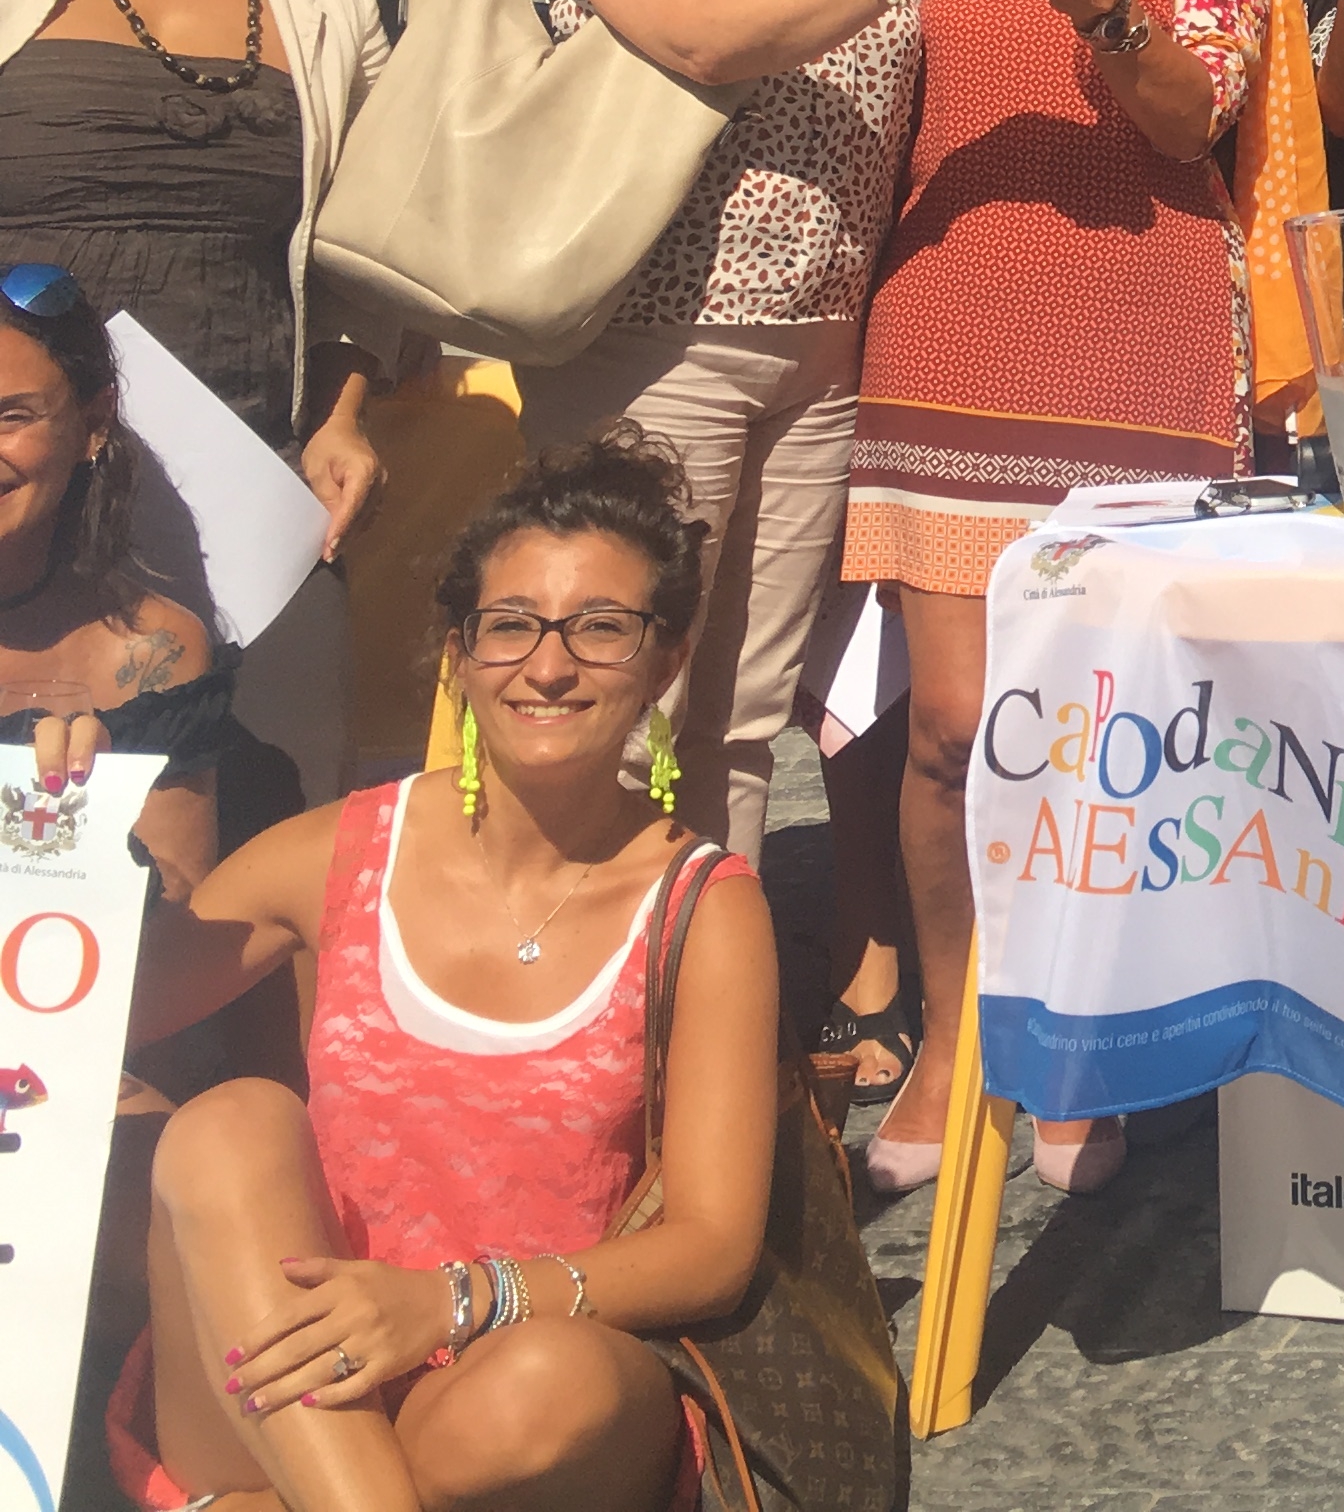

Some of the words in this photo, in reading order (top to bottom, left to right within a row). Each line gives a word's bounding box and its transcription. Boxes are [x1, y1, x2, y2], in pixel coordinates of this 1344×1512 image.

[11, 863, 21, 874] di
[23, 865, 87, 880] Alessandria
[1081, 1032, 1114, 1052] vinci
[1116, 1026, 1148, 1048] cene
[1151, 1029, 1160, 1043] e
[1271, 999, 1281, 1013] il
[1282, 1002, 1301, 1024] tuo
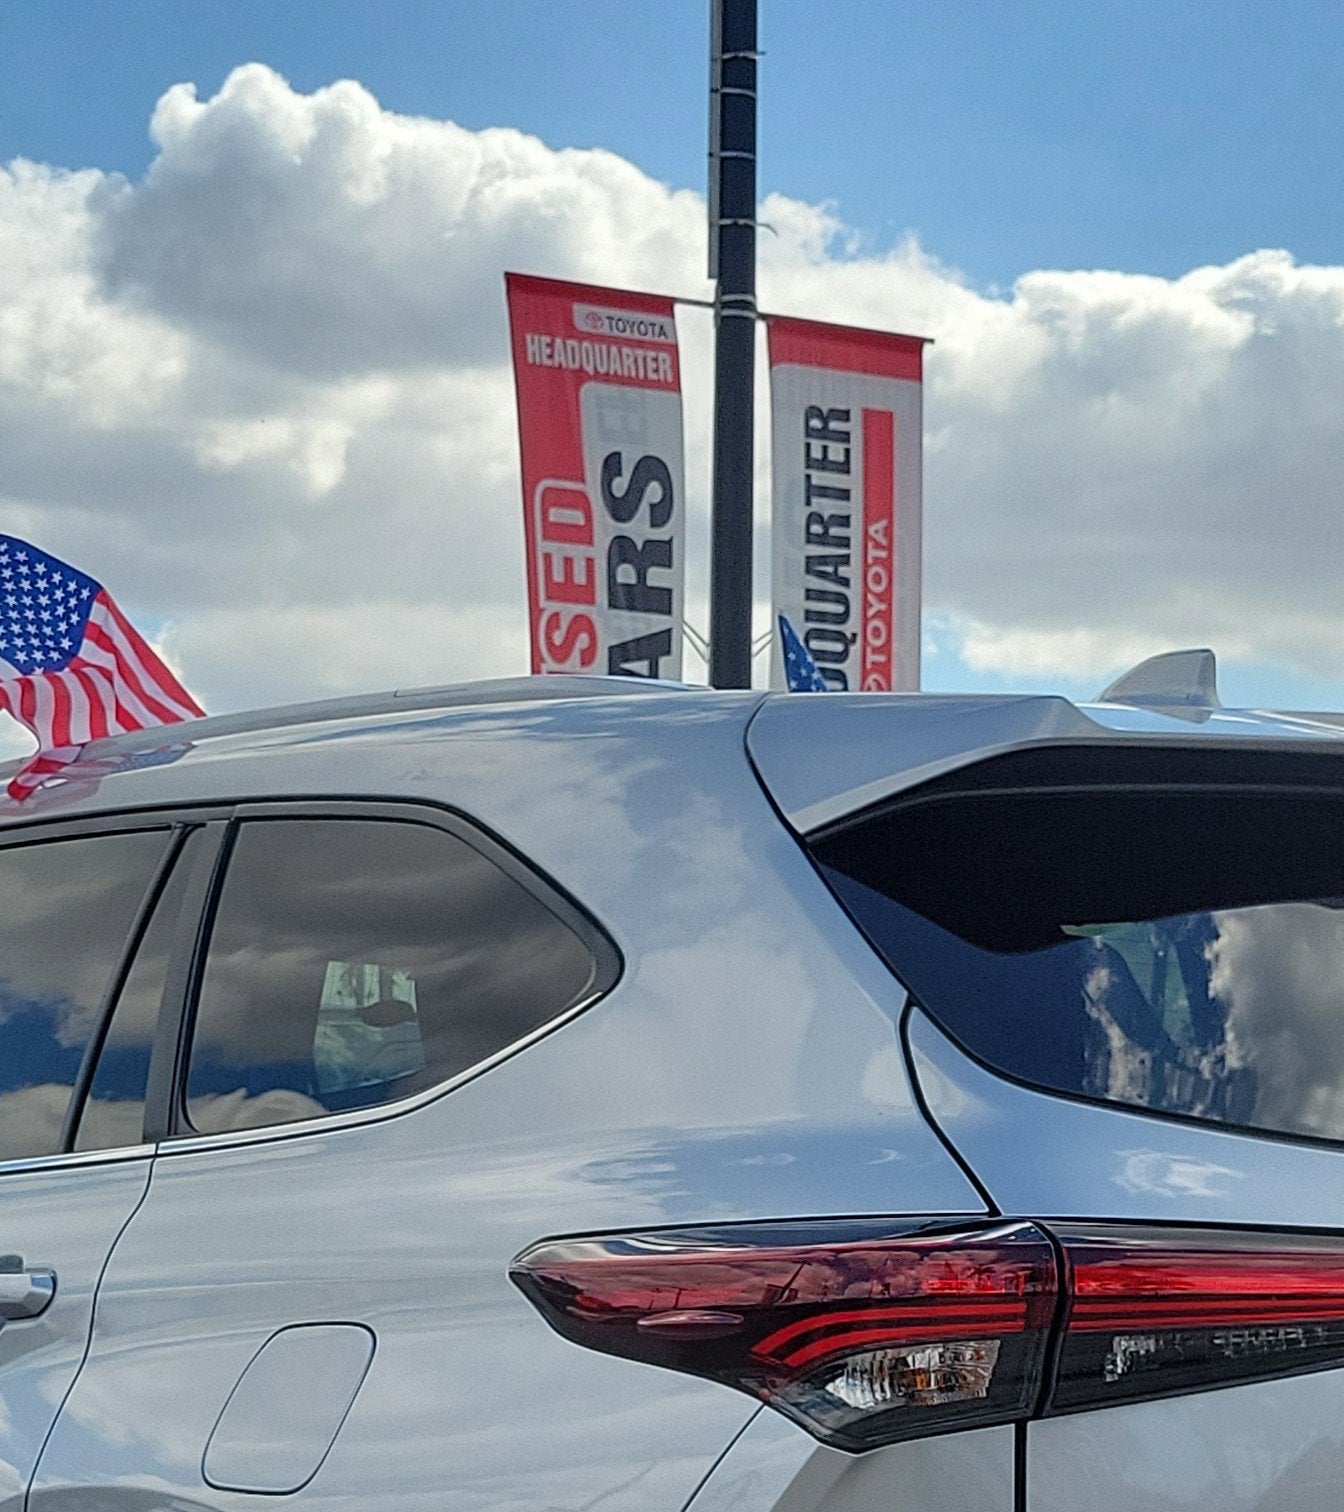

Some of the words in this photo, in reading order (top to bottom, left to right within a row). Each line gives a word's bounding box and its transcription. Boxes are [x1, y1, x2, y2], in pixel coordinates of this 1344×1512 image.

[524, 332, 674, 383] HEADQUARTER
[605, 315, 669, 340] TOYOTA
[539, 483, 598, 676] SED
[601, 450, 674, 679] ARS
[866, 517, 889, 670] TOYOTA
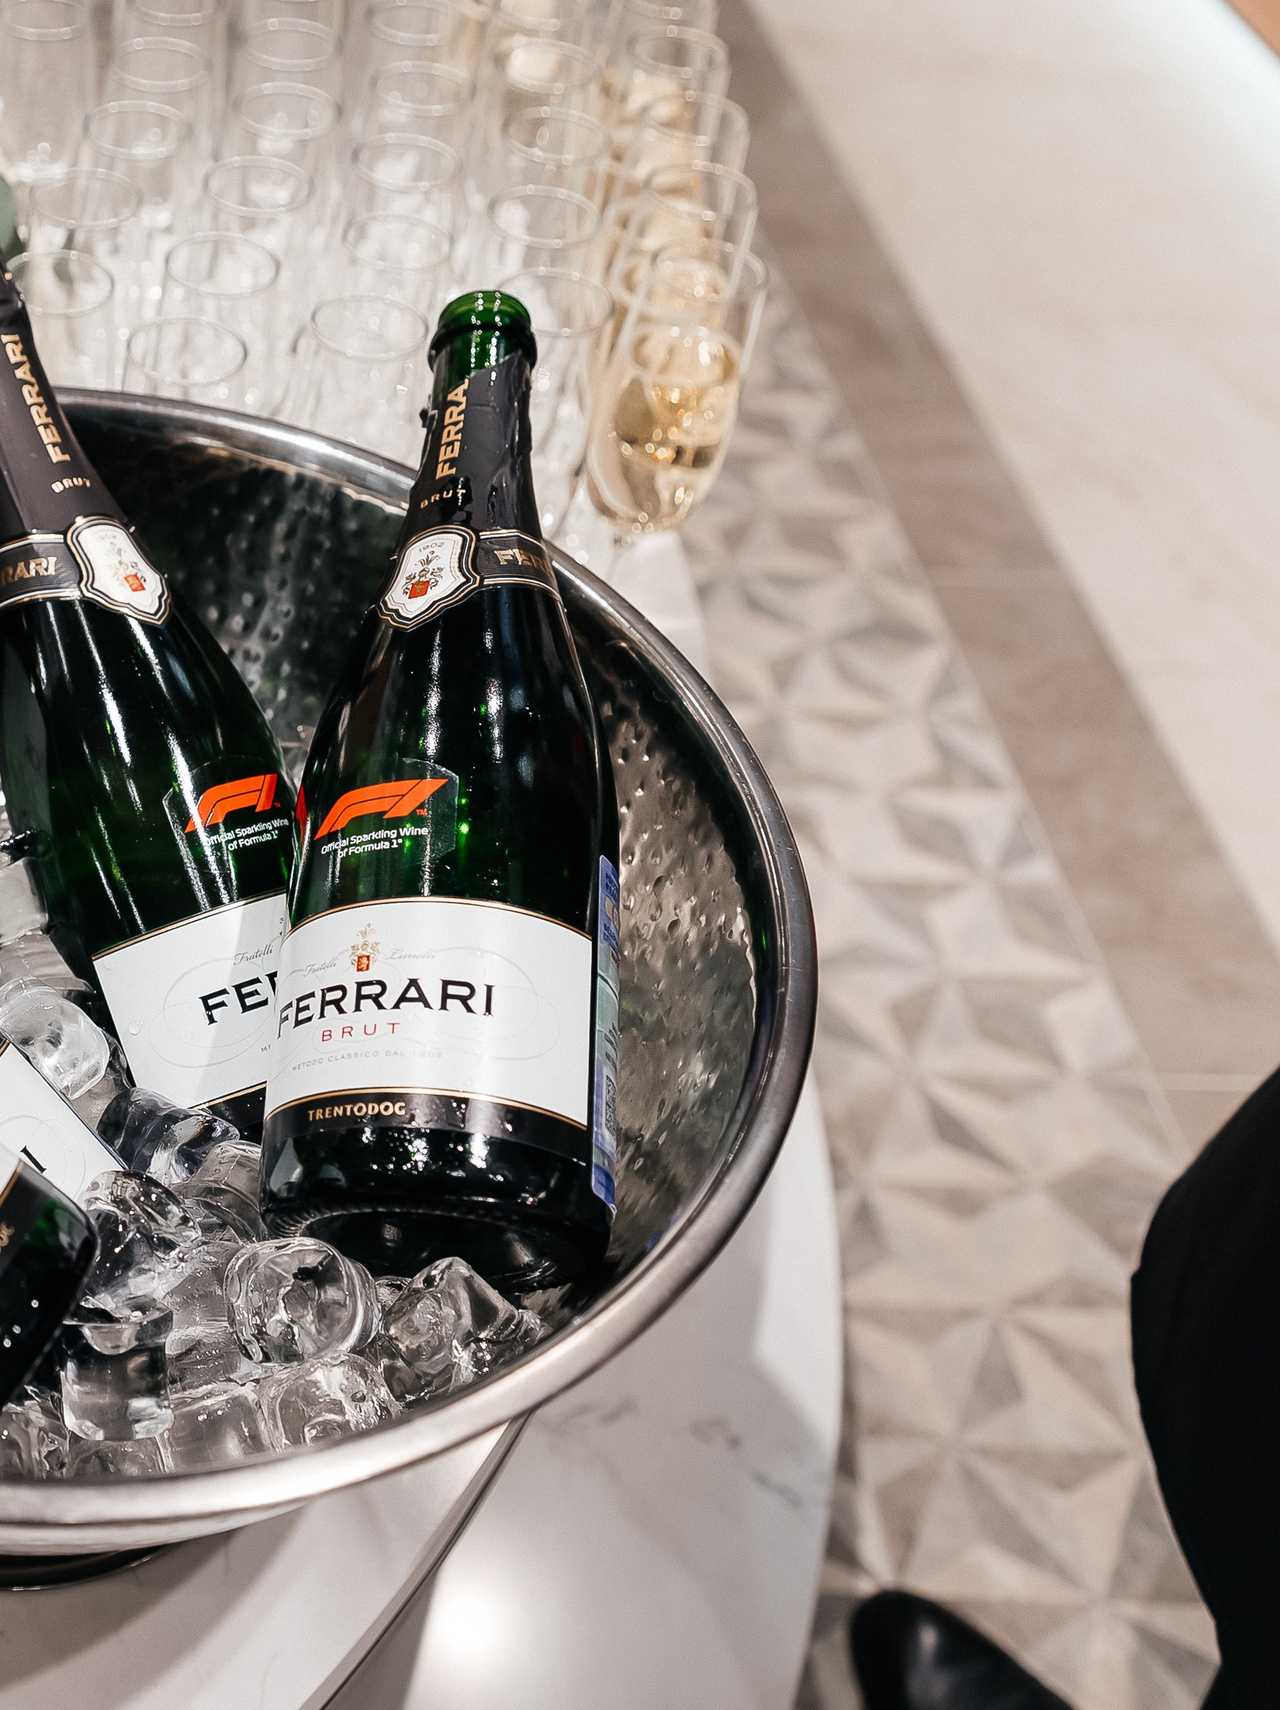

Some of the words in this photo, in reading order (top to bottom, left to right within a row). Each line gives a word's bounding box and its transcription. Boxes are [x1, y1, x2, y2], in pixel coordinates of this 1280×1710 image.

[0, 333, 71, 463] FERRARI
[435, 377, 469, 480] FERRA
[50, 476, 92, 494] BRUT
[421, 487, 466, 509] BRUT
[419, 541, 445, 553] 1902
[235, 821, 272, 838] Sparkling
[269, 817, 289, 829] Wine
[227, 839, 239, 851] of
[238, 832, 273, 848] Formula
[321, 837, 349, 855] Official
[350, 829, 397, 845] Sparkling
[399, 827, 429, 837] Wine
[338, 848, 349, 859] of
[348, 840, 390, 856] Formula
[233, 943, 274, 966] Fratelli
[277, 978, 496, 1040] FERRARI
[321, 1022, 400, 1042] BRUT
[327, 1050, 380, 1063] CLASSICO
[308, 1101, 406, 1121] TRENTODOC
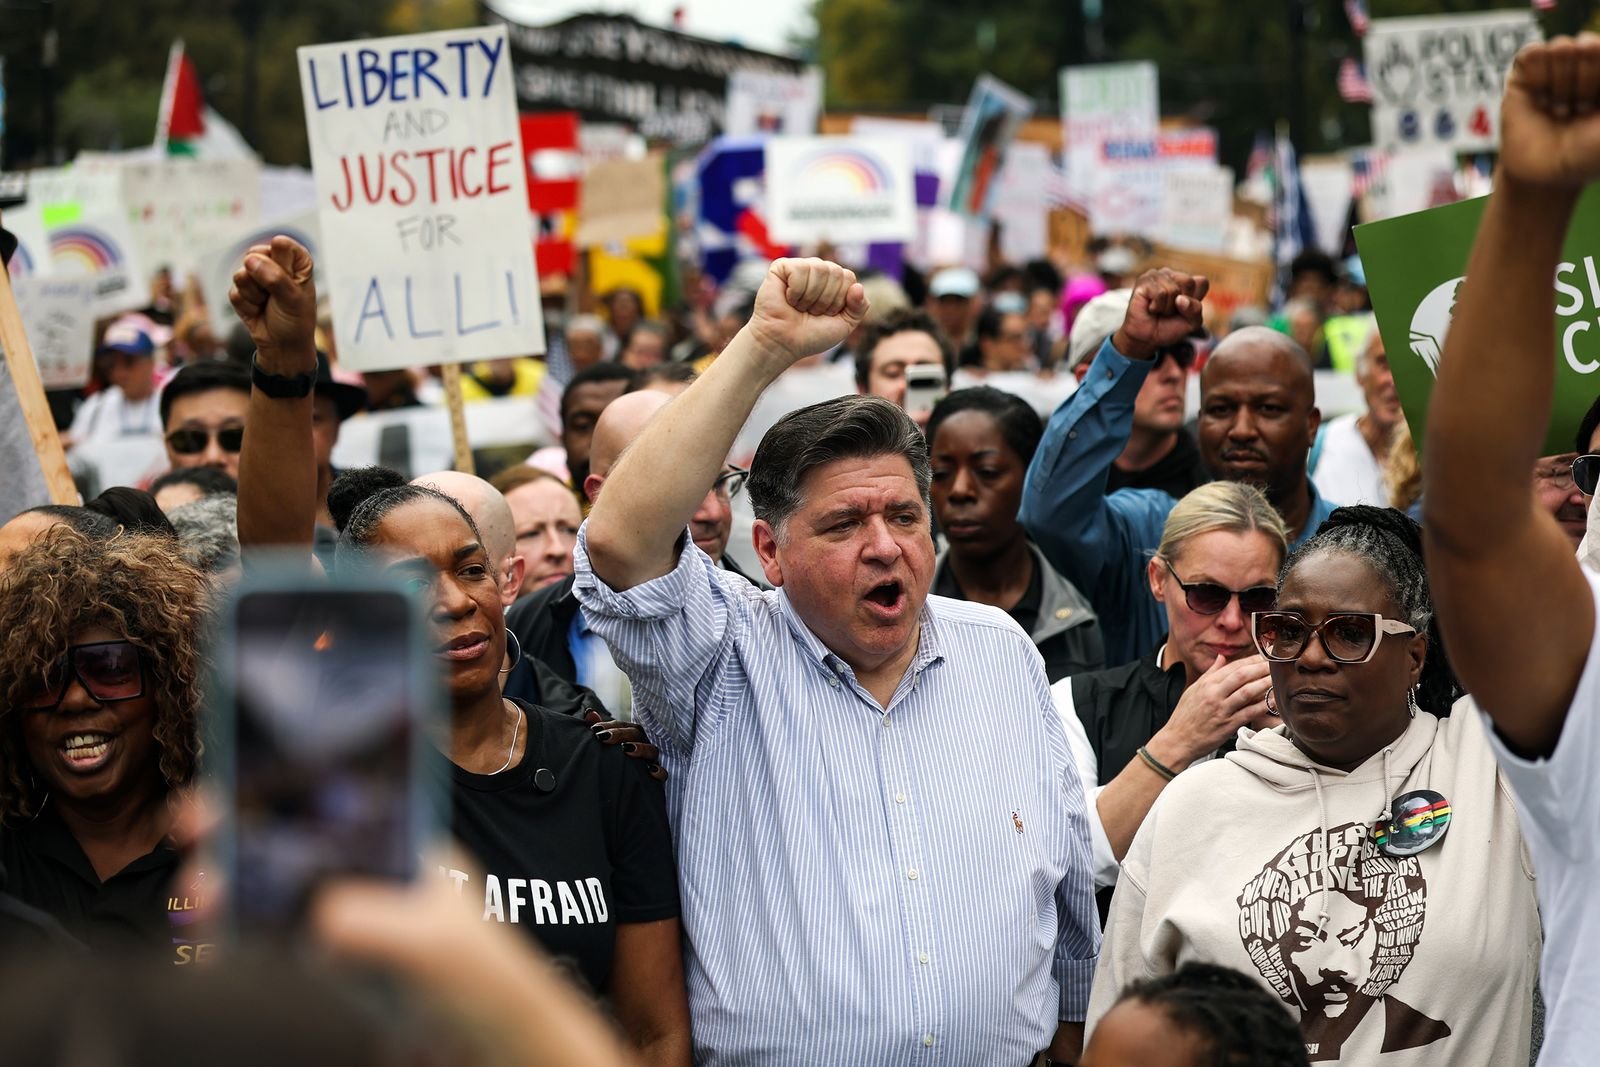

# # # # # # #

### WHAT NEEDS TO BE DONE:
Print each entry above verbatim, pictures left out.

### OUTPUT OF THE TASK:
Some of the words in this photo, in reading order (top to bottom, left to right within a row). Each line gives a word's bounding box and its transcription. Boxes are [x1, y1, x2, y2], in pixel coordinates of this 1344×1512 image.

[11, 863, 21, 874] di
[23, 865, 87, 880] Alessandria
[1081, 1032, 1114, 1052] vinci
[1116, 1026, 1148, 1048] cene
[1151, 1029, 1160, 1043] e
[1271, 999, 1281, 1013] il
[1282, 1002, 1301, 1024] tuo

Some of the words in this photo, in reading order (top to bottom, left to right within a row). Each line gives a word's bounding box and its transcription. Boxes are [x1, y1, x2, y2], in pixel coordinates of this 1344×1512 image.

[524, 332, 674, 383] HEADQUARTER
[605, 315, 669, 340] TOYOTA
[539, 483, 598, 676] SED
[601, 450, 674, 679] ARS
[866, 517, 889, 670] TOYOTA

Some of the words in this photo, in reading order (top to bottom, left to right within a row). Each line gives a word's bounding box and its transcription. Boxes are [x1, y1, x2, y2], in pixel coordinates of this 1280×1710 image.

[0, 333, 71, 463] FERRARI
[435, 377, 469, 480] FERRA
[50, 476, 92, 494] BRUT
[421, 487, 466, 509] BRUT
[419, 541, 445, 553] 1902
[235, 821, 272, 838] Sparkling
[269, 817, 289, 829] Wine
[227, 839, 239, 851] of
[238, 832, 273, 848] Formula
[321, 837, 349, 855] Official
[350, 829, 397, 845] Sparkling
[399, 827, 429, 837] Wine
[338, 848, 349, 859] of
[348, 840, 390, 856] Formula
[233, 943, 274, 966] Fratelli
[277, 978, 496, 1040] FERRARI
[321, 1022, 400, 1042] BRUT
[327, 1050, 380, 1063] CLASSICO
[308, 1101, 406, 1121] TRENTODOC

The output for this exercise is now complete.